• **About this exercise**
Begin at the line that contains "this 1456×1456 image." and repeat every line from there to the end of the records below, inclusive, without adding any other line.

• **Data extract**
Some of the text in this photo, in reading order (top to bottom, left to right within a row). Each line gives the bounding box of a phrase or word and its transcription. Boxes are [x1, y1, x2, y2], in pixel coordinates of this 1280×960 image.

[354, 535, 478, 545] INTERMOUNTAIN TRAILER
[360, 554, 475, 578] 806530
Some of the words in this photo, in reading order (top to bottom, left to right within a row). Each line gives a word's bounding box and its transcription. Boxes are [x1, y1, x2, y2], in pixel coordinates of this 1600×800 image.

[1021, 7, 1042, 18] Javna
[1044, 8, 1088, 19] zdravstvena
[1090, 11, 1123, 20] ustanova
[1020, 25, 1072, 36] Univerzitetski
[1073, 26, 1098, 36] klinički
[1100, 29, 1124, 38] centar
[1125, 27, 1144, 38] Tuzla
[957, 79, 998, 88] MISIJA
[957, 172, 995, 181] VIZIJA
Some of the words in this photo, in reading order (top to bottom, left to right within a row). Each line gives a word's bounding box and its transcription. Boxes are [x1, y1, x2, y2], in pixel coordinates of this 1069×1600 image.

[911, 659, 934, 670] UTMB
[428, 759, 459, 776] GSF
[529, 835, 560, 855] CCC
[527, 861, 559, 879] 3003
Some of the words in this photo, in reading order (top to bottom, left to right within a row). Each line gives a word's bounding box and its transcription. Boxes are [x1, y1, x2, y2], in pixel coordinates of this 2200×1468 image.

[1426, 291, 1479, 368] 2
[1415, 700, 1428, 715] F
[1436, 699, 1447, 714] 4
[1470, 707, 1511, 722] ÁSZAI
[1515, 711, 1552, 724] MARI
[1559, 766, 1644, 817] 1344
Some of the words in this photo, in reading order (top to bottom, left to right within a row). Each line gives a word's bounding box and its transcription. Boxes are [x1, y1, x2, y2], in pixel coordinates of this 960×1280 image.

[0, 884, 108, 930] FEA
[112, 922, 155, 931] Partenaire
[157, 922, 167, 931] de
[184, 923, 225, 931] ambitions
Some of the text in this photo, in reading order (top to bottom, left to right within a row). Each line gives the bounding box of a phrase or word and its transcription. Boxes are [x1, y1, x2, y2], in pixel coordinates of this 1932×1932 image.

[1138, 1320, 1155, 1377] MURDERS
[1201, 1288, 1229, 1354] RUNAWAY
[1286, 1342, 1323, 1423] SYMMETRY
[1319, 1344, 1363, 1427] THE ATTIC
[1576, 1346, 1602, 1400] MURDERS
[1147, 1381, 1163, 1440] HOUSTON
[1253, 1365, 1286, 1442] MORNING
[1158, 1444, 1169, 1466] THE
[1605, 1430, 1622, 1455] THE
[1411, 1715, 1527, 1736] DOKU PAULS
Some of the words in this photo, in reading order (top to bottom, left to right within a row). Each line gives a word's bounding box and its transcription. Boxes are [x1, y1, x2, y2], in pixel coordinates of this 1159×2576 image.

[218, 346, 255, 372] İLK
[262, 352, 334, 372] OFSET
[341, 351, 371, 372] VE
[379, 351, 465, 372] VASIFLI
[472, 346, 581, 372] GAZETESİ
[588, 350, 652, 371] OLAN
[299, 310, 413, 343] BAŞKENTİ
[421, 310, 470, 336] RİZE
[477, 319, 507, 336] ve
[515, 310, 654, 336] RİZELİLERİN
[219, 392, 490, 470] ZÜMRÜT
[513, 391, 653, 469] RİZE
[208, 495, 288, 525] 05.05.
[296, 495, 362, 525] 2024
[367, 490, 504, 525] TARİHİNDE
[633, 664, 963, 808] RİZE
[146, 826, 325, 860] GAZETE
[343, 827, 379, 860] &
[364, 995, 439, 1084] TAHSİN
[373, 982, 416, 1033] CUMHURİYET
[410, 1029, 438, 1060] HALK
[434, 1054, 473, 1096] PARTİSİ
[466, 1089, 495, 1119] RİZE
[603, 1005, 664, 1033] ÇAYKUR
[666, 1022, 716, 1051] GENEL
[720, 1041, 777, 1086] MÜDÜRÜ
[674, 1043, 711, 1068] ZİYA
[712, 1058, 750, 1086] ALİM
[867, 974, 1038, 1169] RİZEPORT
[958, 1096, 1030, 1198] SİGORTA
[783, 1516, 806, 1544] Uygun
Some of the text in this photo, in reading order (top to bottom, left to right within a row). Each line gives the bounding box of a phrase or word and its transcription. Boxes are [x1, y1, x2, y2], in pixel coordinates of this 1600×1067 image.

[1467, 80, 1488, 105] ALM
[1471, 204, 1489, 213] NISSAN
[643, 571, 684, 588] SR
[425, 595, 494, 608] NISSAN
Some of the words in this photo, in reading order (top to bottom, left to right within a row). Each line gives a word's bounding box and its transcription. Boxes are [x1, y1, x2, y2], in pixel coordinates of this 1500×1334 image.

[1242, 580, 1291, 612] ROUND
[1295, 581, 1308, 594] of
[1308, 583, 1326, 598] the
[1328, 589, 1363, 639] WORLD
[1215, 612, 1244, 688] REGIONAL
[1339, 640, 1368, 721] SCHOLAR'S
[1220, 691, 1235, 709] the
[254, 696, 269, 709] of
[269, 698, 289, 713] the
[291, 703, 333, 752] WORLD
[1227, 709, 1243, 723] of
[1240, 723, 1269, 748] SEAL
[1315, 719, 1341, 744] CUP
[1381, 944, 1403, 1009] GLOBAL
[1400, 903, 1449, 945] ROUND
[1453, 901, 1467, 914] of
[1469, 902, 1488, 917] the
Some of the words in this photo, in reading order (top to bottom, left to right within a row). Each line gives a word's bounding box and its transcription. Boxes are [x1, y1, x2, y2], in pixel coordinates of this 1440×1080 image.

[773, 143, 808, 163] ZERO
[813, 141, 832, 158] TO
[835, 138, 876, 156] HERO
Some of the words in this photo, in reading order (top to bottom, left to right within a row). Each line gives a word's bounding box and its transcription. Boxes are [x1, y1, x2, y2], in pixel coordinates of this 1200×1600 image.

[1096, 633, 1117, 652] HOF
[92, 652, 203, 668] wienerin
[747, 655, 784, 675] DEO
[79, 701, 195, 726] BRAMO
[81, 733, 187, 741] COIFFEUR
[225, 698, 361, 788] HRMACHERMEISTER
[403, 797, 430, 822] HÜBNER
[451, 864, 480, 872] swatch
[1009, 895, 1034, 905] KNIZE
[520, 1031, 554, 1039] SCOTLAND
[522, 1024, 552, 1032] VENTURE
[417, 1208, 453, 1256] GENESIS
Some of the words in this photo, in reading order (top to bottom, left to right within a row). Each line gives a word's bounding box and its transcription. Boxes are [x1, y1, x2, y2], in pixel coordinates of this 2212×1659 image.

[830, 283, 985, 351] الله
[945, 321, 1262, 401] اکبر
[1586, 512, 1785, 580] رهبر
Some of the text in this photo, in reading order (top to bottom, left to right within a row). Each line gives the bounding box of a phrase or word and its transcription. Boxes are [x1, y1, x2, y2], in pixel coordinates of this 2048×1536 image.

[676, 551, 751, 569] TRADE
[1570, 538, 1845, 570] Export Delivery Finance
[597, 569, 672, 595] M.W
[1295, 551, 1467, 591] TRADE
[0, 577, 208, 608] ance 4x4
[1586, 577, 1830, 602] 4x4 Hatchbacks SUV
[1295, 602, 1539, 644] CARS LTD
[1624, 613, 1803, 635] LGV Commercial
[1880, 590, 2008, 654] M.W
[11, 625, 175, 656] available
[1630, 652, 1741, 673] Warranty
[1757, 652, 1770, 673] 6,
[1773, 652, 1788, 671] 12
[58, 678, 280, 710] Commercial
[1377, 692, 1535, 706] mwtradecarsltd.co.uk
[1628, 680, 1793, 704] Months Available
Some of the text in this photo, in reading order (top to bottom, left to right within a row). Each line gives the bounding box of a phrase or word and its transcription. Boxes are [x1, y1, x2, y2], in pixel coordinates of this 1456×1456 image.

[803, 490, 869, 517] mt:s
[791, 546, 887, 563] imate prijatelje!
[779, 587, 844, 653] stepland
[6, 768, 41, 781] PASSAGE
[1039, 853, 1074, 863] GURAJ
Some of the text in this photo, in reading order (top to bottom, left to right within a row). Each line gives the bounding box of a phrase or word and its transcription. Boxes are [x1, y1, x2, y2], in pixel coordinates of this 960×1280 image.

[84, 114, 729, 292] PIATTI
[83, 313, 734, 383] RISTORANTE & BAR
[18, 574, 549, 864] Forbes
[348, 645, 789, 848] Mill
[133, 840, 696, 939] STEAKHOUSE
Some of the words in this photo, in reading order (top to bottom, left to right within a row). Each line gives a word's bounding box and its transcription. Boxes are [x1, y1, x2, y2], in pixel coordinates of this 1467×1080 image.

• **Written reply**
Some of the text in this photo, in reading order (top to bottom, left to right within a row). Each line gives the bounding box of a phrase or word and its transcription. Boxes are [x1, y1, x2, y2], in pixel coordinates of this 1456×1456 image.

[803, 490, 869, 517] mt:s
[791, 546, 887, 563] imate prijatelje!
[779, 587, 844, 653] stepland
[6, 768, 41, 781] PASSAGE
[1039, 853, 1074, 863] GURAJ
Some of the text in this photo, in reading order (top to bottom, left to right within a row). Each line gives the bounding box of a phrase or word and its transcription. Boxes are [x1, y1, x2, y2], in pixel coordinates of this 960×1280 image.

[84, 114, 729, 292] PIATTI
[83, 313, 734, 383] RISTORANTE & BAR
[18, 574, 549, 864] Forbes
[348, 645, 789, 848] Mill
[133, 840, 696, 939] STEAKHOUSE
Some of the words in this photo, in reading order (top to bottom, left to right within a row). Each line gives a word's bounding box and its transcription. Boxes are [x1, y1, x2, y2], in pixel coordinates of this 1467×1080 image.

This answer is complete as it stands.